Nigerian lawyer and politician (1935–2011)

Edwin Ume-Ezeoke (8 September 1935 - 1 August 2011) was a Nigerian politician and lawyer by profession. He served as the first Speaker of the House of Representatives during the Second Nigerian Republic (1979-1983). He was also national chairman of the All Nigeria Peoples Party.

== Early life and education ==
Edwin Ume-Ezeoke was the ninth son of his father's fourteen sons and was born at Obiagu village, Amichi to Igwe Umeorimili Orji Ezeoke and Lolo Ugbana Umeorimili Ezeoke (later baptized and renamed Elizabeth). His father became a warrant chief in 1914 and held that position until his death on 23 June 1952. His mother was the daughter of Igwe Dim Oriaku Udensi of the present day Ihitenansa in present-day Imo State.

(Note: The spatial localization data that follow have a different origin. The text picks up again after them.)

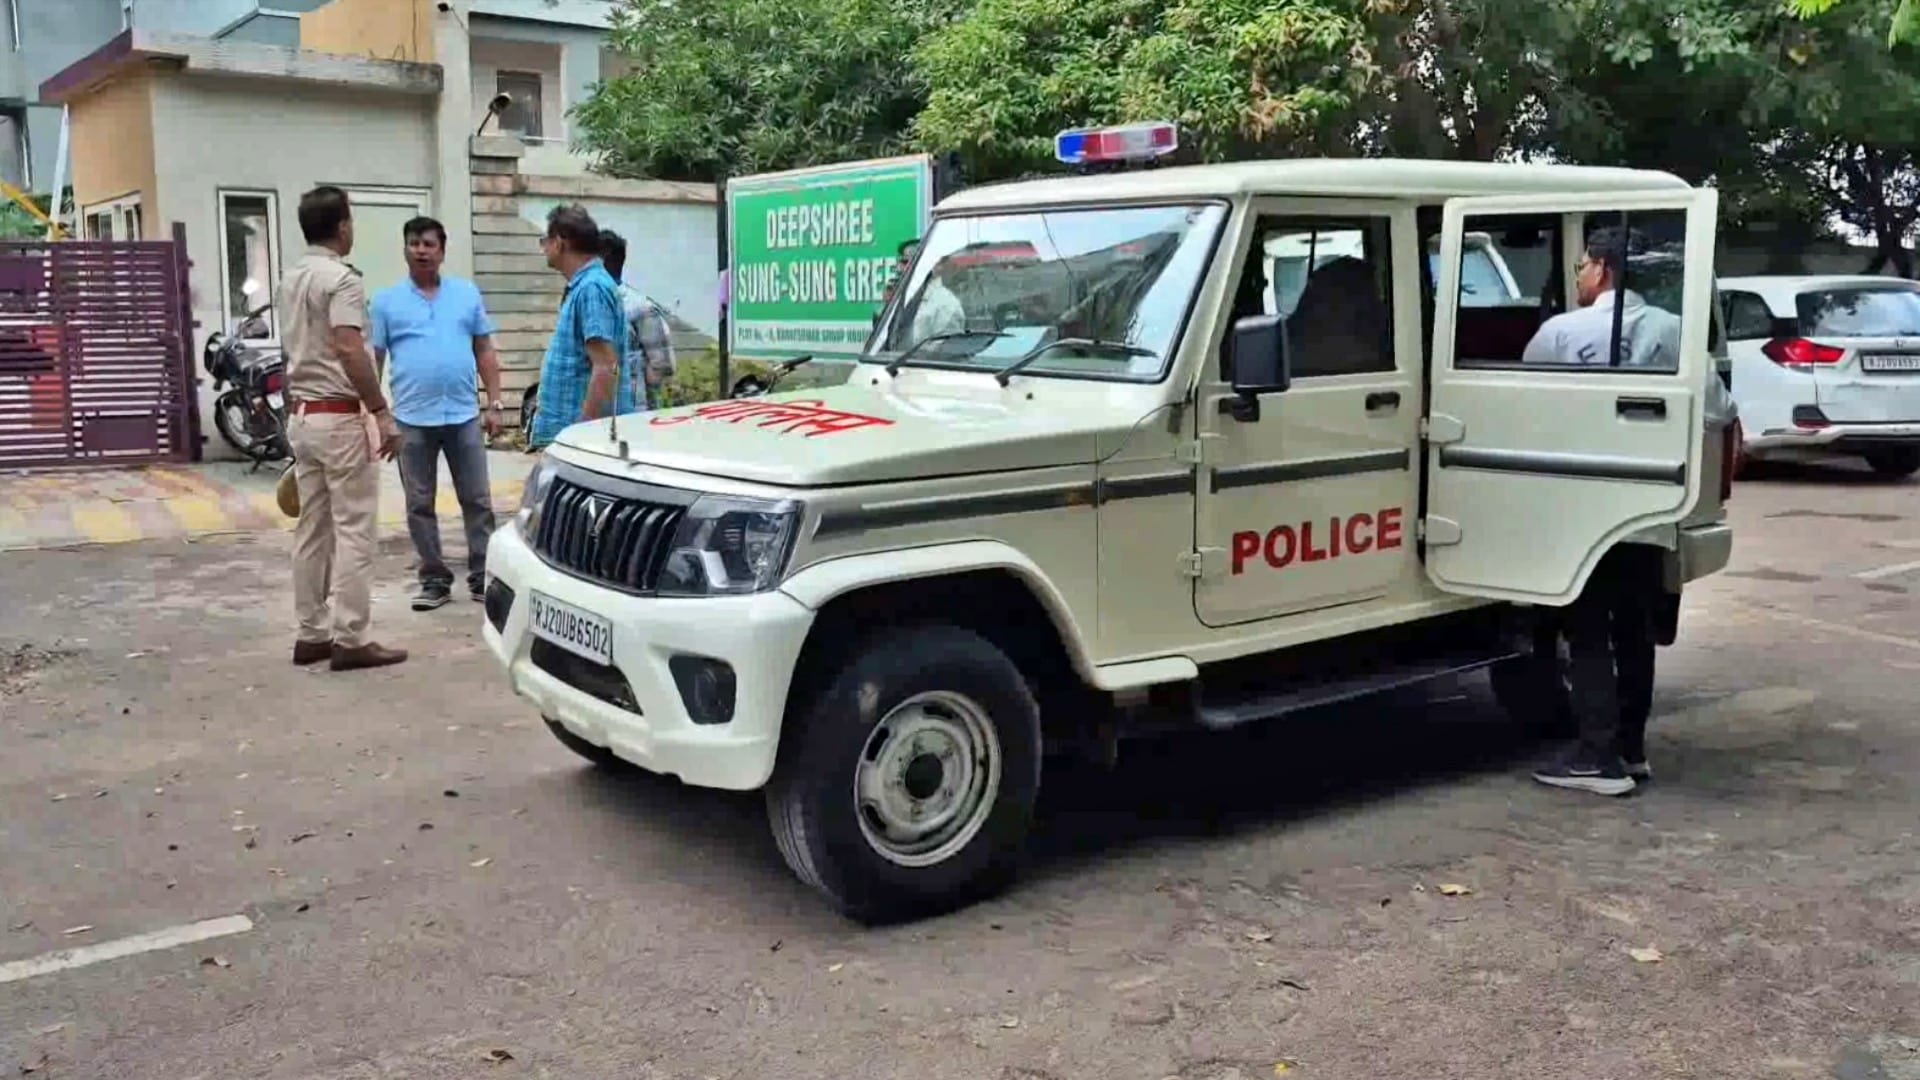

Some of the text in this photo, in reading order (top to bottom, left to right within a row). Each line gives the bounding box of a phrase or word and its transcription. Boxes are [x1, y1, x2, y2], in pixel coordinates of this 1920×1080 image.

[766, 198, 874, 249] DEEPSHREE
[738, 256, 898, 304] SUNG-SUNG GREE
[1232, 507, 1403, 576] POLICE
[535, 600, 608, 655] RJ20UB6502
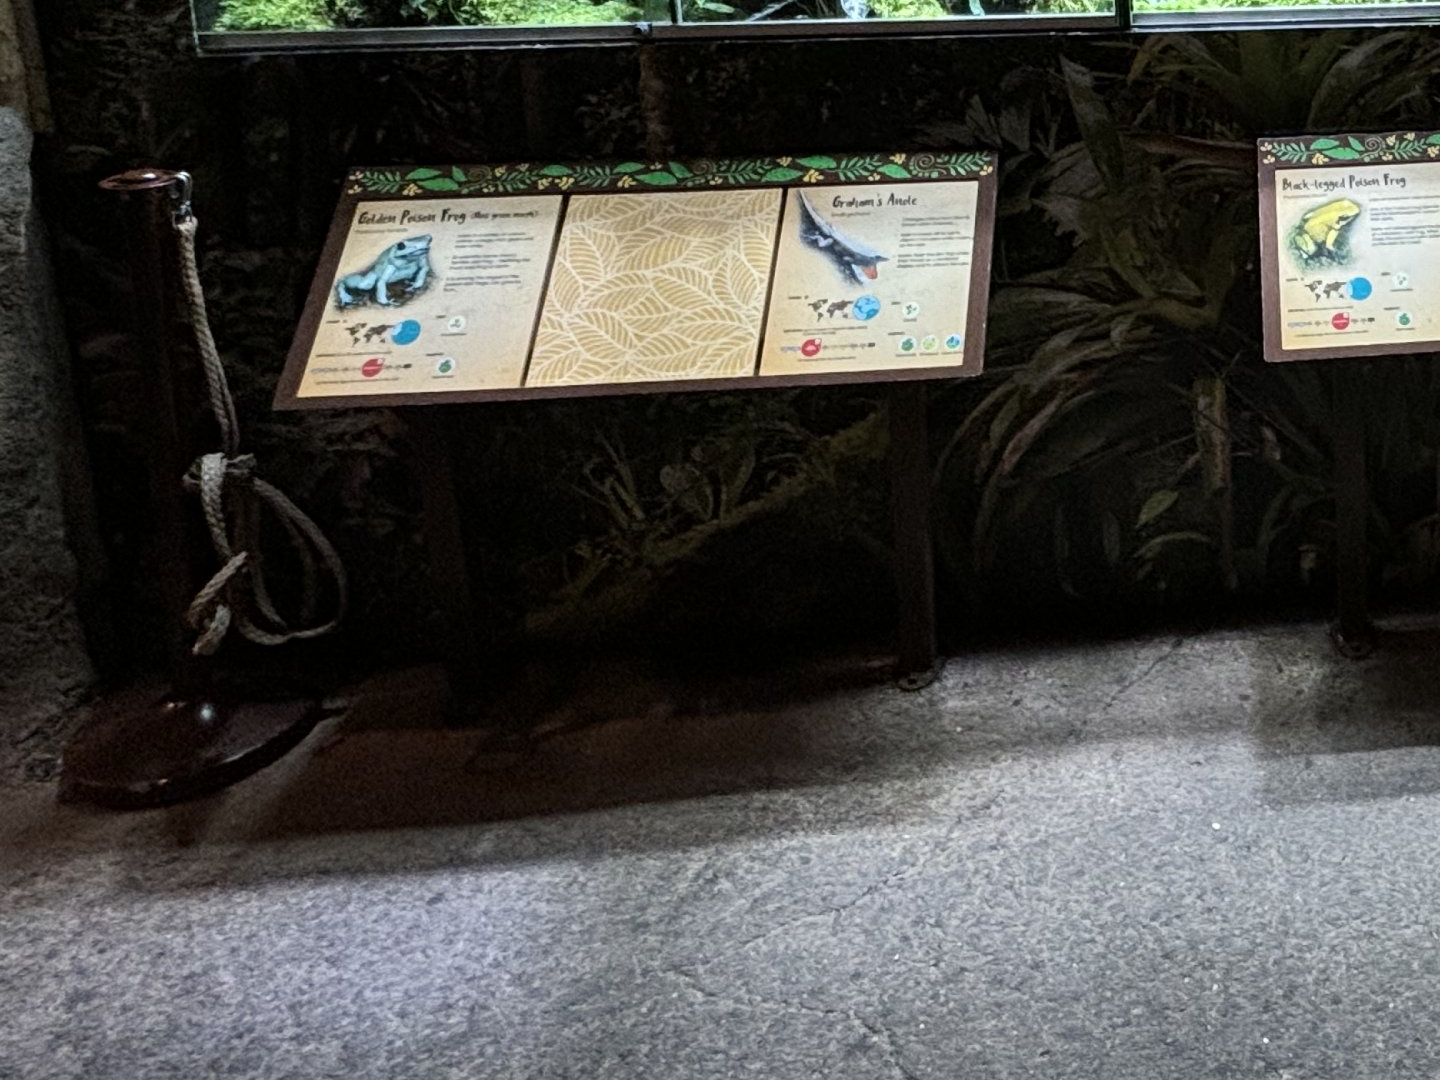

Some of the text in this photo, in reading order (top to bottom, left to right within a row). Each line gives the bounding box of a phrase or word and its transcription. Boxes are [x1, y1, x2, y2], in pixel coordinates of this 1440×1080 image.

His Father being the President of the Customary Court by virtue of his position as the traditional ruler of the town, traveled a lot and always took his son Edwin with him. It was during these trips to the Customary Court combined with his occasional presence at the settlement of inter-village disputes that his interest in the study of Law was born.

Young Edwin's education commenced at St. Eugenia's Catholic Primary School, Obiagu Village, Amichi in 1943. Displaying early signs of leadership abilities, he was made the class monitor and was saddled with the responsibility of being the school regulator/bell ringer. He captained the school football team and participated actively in athletics, winning a number of prizes during the Empire Games held annually at Nnewi during the British Colonial rule. He passed out in 1951 with the First School Leaving Certificate.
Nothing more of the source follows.